Records for processing —

====

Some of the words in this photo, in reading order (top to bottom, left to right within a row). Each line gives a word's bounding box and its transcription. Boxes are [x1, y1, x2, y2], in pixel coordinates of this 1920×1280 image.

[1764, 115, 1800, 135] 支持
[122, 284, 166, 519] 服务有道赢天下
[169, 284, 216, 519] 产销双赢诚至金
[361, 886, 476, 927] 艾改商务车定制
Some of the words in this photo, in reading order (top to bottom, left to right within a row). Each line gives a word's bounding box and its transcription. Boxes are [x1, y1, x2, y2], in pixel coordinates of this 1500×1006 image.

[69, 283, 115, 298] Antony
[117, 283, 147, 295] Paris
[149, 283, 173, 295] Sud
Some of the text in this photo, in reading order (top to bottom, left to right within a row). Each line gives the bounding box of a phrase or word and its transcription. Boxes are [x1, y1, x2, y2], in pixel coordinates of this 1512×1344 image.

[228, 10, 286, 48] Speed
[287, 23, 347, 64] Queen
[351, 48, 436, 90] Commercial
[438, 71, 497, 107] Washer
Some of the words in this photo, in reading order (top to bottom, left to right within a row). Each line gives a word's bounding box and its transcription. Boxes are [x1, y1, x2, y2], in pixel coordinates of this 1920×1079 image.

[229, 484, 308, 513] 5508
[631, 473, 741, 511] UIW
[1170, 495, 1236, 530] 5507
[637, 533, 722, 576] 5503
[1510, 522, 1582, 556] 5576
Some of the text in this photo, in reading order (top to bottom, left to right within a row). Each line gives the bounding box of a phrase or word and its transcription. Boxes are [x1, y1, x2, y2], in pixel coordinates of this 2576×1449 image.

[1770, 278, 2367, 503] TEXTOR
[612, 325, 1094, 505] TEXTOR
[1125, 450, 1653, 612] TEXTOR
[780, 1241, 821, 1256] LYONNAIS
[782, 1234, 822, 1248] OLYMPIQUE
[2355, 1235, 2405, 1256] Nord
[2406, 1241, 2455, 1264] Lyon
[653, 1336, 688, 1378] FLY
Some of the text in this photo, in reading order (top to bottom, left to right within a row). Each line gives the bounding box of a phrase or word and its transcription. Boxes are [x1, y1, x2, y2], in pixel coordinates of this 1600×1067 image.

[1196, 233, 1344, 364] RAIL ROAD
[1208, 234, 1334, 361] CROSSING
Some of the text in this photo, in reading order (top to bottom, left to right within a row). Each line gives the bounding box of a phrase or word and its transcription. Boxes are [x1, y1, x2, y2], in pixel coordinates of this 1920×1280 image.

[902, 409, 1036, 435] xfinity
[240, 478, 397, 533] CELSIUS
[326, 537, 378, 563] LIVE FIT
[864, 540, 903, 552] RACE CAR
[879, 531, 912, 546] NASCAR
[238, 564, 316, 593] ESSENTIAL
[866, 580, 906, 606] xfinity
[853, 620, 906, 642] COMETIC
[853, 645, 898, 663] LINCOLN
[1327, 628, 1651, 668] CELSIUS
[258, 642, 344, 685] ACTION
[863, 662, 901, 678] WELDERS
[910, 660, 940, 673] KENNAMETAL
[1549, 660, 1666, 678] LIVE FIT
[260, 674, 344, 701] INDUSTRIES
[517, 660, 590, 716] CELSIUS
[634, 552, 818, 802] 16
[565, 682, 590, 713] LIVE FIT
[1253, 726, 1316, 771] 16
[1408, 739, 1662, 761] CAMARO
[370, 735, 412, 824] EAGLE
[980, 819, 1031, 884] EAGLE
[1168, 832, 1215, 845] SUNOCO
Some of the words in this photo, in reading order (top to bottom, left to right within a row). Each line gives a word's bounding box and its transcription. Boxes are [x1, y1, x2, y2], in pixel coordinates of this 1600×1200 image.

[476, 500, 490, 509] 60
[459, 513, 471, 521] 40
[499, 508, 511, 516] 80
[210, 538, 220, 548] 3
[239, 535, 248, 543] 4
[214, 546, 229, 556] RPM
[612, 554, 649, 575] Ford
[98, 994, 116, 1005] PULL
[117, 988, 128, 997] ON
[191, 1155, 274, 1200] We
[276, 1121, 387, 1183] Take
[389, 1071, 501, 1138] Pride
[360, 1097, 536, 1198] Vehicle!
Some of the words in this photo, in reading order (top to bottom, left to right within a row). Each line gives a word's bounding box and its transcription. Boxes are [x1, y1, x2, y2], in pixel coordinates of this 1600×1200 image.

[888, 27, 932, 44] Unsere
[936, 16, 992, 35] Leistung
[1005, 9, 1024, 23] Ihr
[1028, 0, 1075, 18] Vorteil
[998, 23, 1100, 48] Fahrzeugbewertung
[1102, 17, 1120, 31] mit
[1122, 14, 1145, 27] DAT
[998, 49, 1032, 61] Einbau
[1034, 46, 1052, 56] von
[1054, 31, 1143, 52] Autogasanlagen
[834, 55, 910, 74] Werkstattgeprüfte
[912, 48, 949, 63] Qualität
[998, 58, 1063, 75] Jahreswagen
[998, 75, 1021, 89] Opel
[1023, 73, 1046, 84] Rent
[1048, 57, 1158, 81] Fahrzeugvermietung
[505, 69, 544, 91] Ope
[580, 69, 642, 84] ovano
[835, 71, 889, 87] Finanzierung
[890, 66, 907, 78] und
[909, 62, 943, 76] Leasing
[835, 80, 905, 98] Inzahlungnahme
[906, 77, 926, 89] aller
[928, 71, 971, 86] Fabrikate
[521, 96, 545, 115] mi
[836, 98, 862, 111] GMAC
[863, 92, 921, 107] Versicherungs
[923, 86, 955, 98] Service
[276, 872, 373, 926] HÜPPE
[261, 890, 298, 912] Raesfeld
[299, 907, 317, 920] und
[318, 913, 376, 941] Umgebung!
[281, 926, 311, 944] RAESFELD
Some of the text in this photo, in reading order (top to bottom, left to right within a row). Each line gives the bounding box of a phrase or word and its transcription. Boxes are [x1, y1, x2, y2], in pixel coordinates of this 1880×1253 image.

====

What is needed —
Output the lines above verbatim and in full.

Answer below —
Some of the words in this photo, in reading order (top to bottom, left to right within a row). Each line gives a word's bounding box and its transcription. Boxes are [x1, y1, x2, y2], in pixel coordinates of this 1920×1280 image.

[1764, 115, 1800, 135] 支持
[122, 284, 166, 519] 服务有道赢天下
[169, 284, 216, 519] 产销双赢诚至金
[361, 886, 476, 927] 艾改商务车定制
Some of the words in this photo, in reading order (top to bottom, left to right within a row). Each line gives a word's bounding box and its transcription. Boxes are [x1, y1, x2, y2], in pixel coordinates of this 1500×1006 image.

[69, 283, 115, 298] Antony
[117, 283, 147, 295] Paris
[149, 283, 173, 295] Sud
Some of the text in this photo, in reading order (top to bottom, left to right within a row). Each line gives the bounding box of a phrase or word and its transcription. Boxes are [x1, y1, x2, y2], in pixel coordinates of this 1512×1344 image.

[228, 10, 286, 48] Speed
[287, 23, 347, 64] Queen
[351, 48, 436, 90] Commercial
[438, 71, 497, 107] Washer
Some of the words in this photo, in reading order (top to bottom, left to right within a row). Each line gives a word's bounding box and its transcription. Boxes are [x1, y1, x2, y2], in pixel coordinates of this 1920×1079 image.

[229, 484, 308, 513] 5508
[631, 473, 741, 511] UIW
[1170, 495, 1236, 530] 5507
[637, 533, 722, 576] 5503
[1510, 522, 1582, 556] 5576
Some of the text in this photo, in reading order (top to bottom, left to right within a row). Each line gives the bounding box of a phrase or word and its transcription. Boxes are [x1, y1, x2, y2], in pixel coordinates of this 2576×1449 image.

[1770, 278, 2367, 503] TEXTOR
[612, 325, 1094, 505] TEXTOR
[1125, 450, 1653, 612] TEXTOR
[780, 1241, 821, 1256] LYONNAIS
[782, 1234, 822, 1248] OLYMPIQUE
[2355, 1235, 2405, 1256] Nord
[2406, 1241, 2455, 1264] Lyon
[653, 1336, 688, 1378] FLY
Some of the text in this photo, in reading order (top to bottom, left to right within a row). Each line gives the bounding box of a phrase or word and its transcription. Boxes are [x1, y1, x2, y2], in pixel coordinates of this 1600×1067 image.

[1196, 233, 1344, 364] RAIL ROAD
[1208, 234, 1334, 361] CROSSING
Some of the text in this photo, in reading order (top to bottom, left to right within a row). Each line gives the bounding box of a phrase or word and its transcription. Boxes are [x1, y1, x2, y2], in pixel coordinates of this 1920×1280 image.

[902, 409, 1036, 435] xfinity
[240, 478, 397, 533] CELSIUS
[326, 537, 378, 563] LIVE FIT
[864, 540, 903, 552] RACE CAR
[879, 531, 912, 546] NASCAR
[238, 564, 316, 593] ESSENTIAL
[866, 580, 906, 606] xfinity
[853, 620, 906, 642] COMETIC
[853, 645, 898, 663] LINCOLN
[1327, 628, 1651, 668] CELSIUS
[258, 642, 344, 685] ACTION
[863, 662, 901, 678] WELDERS
[910, 660, 940, 673] KENNAMETAL
[1549, 660, 1666, 678] LIVE FIT
[260, 674, 344, 701] INDUSTRIES
[517, 660, 590, 716] CELSIUS
[634, 552, 818, 802] 16
[565, 682, 590, 713] LIVE FIT
[1253, 726, 1316, 771] 16
[1408, 739, 1662, 761] CAMARO
[370, 735, 412, 824] EAGLE
[980, 819, 1031, 884] EAGLE
[1168, 832, 1215, 845] SUNOCO
Some of the words in this photo, in reading order (top to bottom, left to right within a row). Each line gives a word's bounding box and its transcription. Boxes are [x1, y1, x2, y2], in pixel coordinates of this 1600×1200 image.

[476, 500, 490, 509] 60
[459, 513, 471, 521] 40
[499, 508, 511, 516] 80
[210, 538, 220, 548] 3
[239, 535, 248, 543] 4
[214, 546, 229, 556] RPM
[612, 554, 649, 575] Ford
[98, 994, 116, 1005] PULL
[117, 988, 128, 997] ON
[191, 1155, 274, 1200] We
[276, 1121, 387, 1183] Take
[389, 1071, 501, 1138] Pride
[360, 1097, 536, 1198] Vehicle!
Some of the words in this photo, in reading order (top to bottom, left to right within a row). Each line gives a word's bounding box and its transcription. Boxes are [x1, y1, x2, y2], in pixel coordinates of this 1600×1200 image.

[888, 27, 932, 44] Unsere
[936, 16, 992, 35] Leistung
[1005, 9, 1024, 23] Ihr
[1028, 0, 1075, 18] Vorteil
[998, 23, 1100, 48] Fahrzeugbewertung
[1102, 17, 1120, 31] mit
[1122, 14, 1145, 27] DAT
[998, 49, 1032, 61] Einbau
[1034, 46, 1052, 56] von
[1054, 31, 1143, 52] Autogasanlagen
[834, 55, 910, 74] Werkstattgeprüfte
[912, 48, 949, 63] Qualität
[998, 58, 1063, 75] Jahreswagen
[998, 75, 1021, 89] Opel
[1023, 73, 1046, 84] Rent
[1048, 57, 1158, 81] Fahrzeugvermietung
[505, 69, 544, 91] Ope
[580, 69, 642, 84] ovano
[835, 71, 889, 87] Finanzierung
[890, 66, 907, 78] und
[909, 62, 943, 76] Leasing
[835, 80, 905, 98] Inzahlungnahme
[906, 77, 926, 89] aller
[928, 71, 971, 86] Fabrikate
[521, 96, 545, 115] mi
[836, 98, 862, 111] GMAC
[863, 92, 921, 107] Versicherungs
[923, 86, 955, 98] Service
[276, 872, 373, 926] HÜPPE
[261, 890, 298, 912] Raesfeld
[299, 907, 317, 920] und
[318, 913, 376, 941] Umgebung!
[281, 926, 311, 944] RAESFELD
Some of the text in this photo, in reading order (top to bottom, left to right within a row). Each line gives the bounding box of a phrase or word and its transcription. Boxes are [x1, y1, x2, y2], in pixel coordinates of this 1880×1253 image.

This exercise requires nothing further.